Regularization order

  1. Get more data (or augment)
  2. Weight decay (AdamW, not Adam)
  3. Dropout
  4. Early stopping
  5. Reduce model size (last resort — you want a big model that’s regularized)

The Full Recipe (Summary)

1. LOOK AT YOUR DATA
   - Visualize, check labels, check distributions, check for leakage

2. SANITY CHECK
   - Initial loss = -log(1/C)?
   - Can overfit a single batch to 100%?
   - Does the simplest baseline work?

3. START SIMPLE
   - Small model, no tricks
   - Beat the baseline, then add complexity

4. FIND THE LEARNING RATE
   - LR finder sweep
   - If in doubt, 3e-4 for Adam is a decent start

5. TRAIN AND MONITOR
   - Plot train/val loss every epoch
   - Plot gradient norms (catch vanishing/exploding)
   - Plot weight norms (catch unbounded growth)

6. REGULARIZE (only after overfitting)
   - Data augmentation → weight decay → dropout → early stopping

7. SQUEEZE
   - LR schedule (cosine decay with warmup)
   - Ensembling (average 3-5 models)
   - Larger model with more regularization

Exercises

  1. Break it on purpose: Introduce a subtle bug (swap two labels, corrupt 10% of data, normalize wrong). Can you detect it with these checks? Which check catches it?

  2. Apply to your project: Take any tutorial model (e.g., 20 - Build GPT from Scratch) and run through the full recipe. What does the LR finder suggest? Does the initial loss match expectations?
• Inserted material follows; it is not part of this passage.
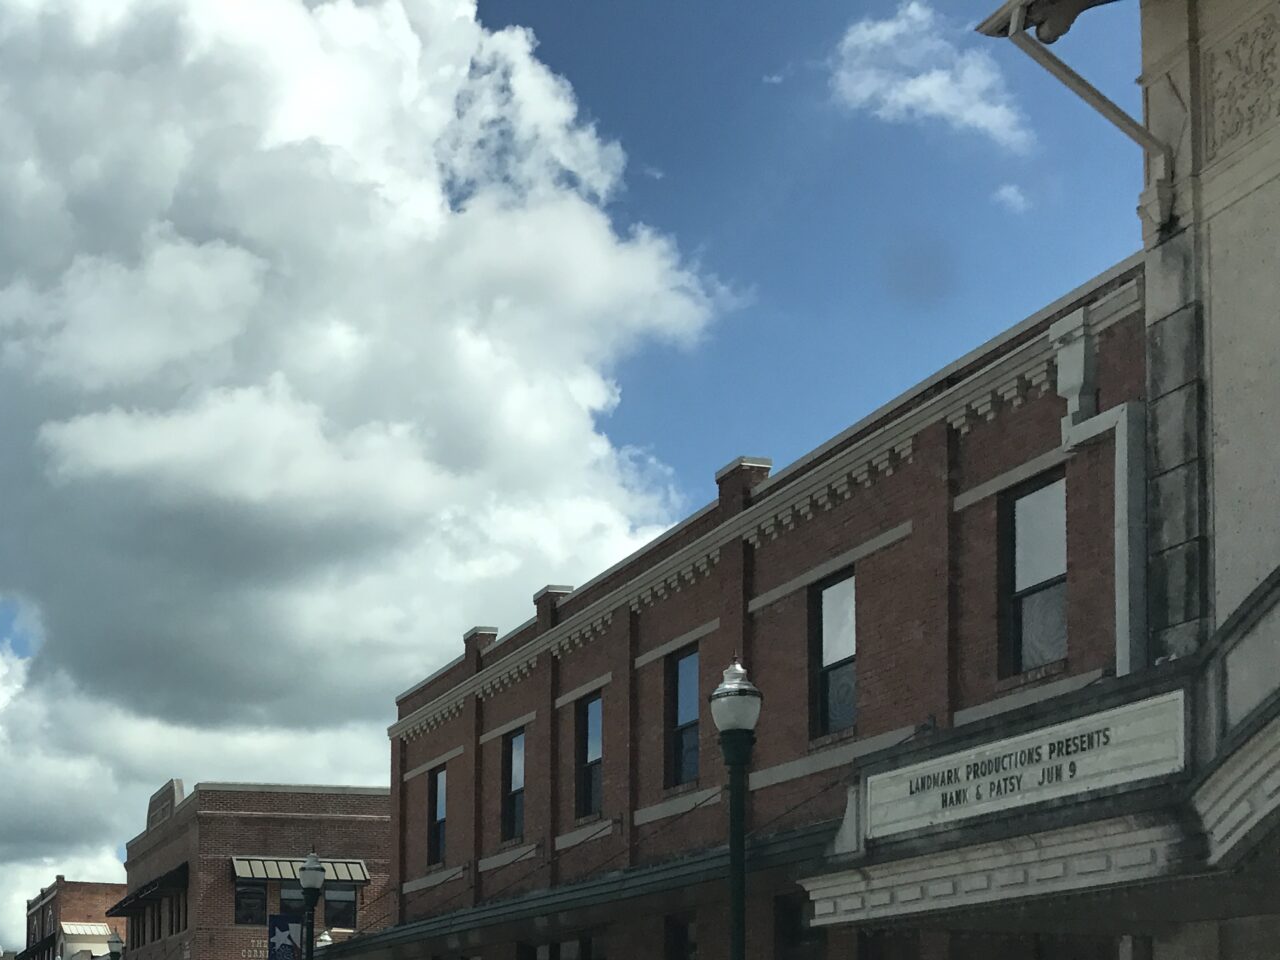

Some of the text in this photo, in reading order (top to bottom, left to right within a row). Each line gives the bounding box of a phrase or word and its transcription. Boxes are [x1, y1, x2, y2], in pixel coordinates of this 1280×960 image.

[909, 728, 1111, 796] LANDMARK PRODUCTIONS PRESENTS
[941, 760, 1077, 809] HANK & PATSY JUN 9
  3. Learning rate schedule: Implement cosine decay with warmup. Compare final accuracy with fixed LR vs scheduled.

  4. Gradient monitoring tool: Build a reusable function that hooks into any nn.Module and records per-layer gradient stats (mean, std, max, fraction of zeros).


This is the meta-tutorial — it applies to every other tutorial in this series.